▶ **WHAT IS NEEDED**
Print, exactly as they appear, only the lines from the line that contains "this 1568×2353 image." through the end of the listing.

▶ **PROVIDED DATA**
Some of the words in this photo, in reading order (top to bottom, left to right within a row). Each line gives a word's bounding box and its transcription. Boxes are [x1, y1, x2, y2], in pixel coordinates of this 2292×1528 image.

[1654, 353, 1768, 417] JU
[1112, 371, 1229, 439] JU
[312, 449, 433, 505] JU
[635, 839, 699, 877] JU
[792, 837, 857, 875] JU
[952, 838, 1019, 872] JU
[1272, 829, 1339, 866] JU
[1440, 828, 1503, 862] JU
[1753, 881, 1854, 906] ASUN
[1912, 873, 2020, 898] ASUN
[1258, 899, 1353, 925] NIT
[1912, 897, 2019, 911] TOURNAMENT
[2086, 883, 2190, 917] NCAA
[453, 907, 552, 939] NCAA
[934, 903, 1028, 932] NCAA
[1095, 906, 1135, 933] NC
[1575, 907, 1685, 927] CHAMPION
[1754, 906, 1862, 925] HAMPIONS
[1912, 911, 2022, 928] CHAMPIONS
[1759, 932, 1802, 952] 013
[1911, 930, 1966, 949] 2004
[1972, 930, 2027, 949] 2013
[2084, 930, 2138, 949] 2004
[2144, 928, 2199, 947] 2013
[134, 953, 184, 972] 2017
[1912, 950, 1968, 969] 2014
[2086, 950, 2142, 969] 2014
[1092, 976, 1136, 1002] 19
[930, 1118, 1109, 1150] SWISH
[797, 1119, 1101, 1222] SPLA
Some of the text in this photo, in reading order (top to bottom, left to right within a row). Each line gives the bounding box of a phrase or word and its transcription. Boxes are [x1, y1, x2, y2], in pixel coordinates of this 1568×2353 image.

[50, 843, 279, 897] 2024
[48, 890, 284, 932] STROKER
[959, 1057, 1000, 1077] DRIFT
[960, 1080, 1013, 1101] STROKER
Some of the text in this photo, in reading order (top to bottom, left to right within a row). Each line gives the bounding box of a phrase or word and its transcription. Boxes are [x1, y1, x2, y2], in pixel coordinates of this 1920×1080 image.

▶ **ANSWER**
Some of the text in this photo, in reading order (top to bottom, left to right within a row). Each line gives the bounding box of a phrase or word and its transcription. Boxes are [x1, y1, x2, y2], in pixel coordinates of this 1568×2353 image.

[50, 843, 279, 897] 2024
[48, 890, 284, 932] STROKER
[959, 1057, 1000, 1077] DRIFT
[960, 1080, 1013, 1101] STROKER
Some of the text in this photo, in reading order (top to bottom, left to right within a row). Each line gives the bounding box of a phrase or word and its transcription. Boxes are [x1, y1, x2, y2], in pixel coordinates of this 1920×1080 image.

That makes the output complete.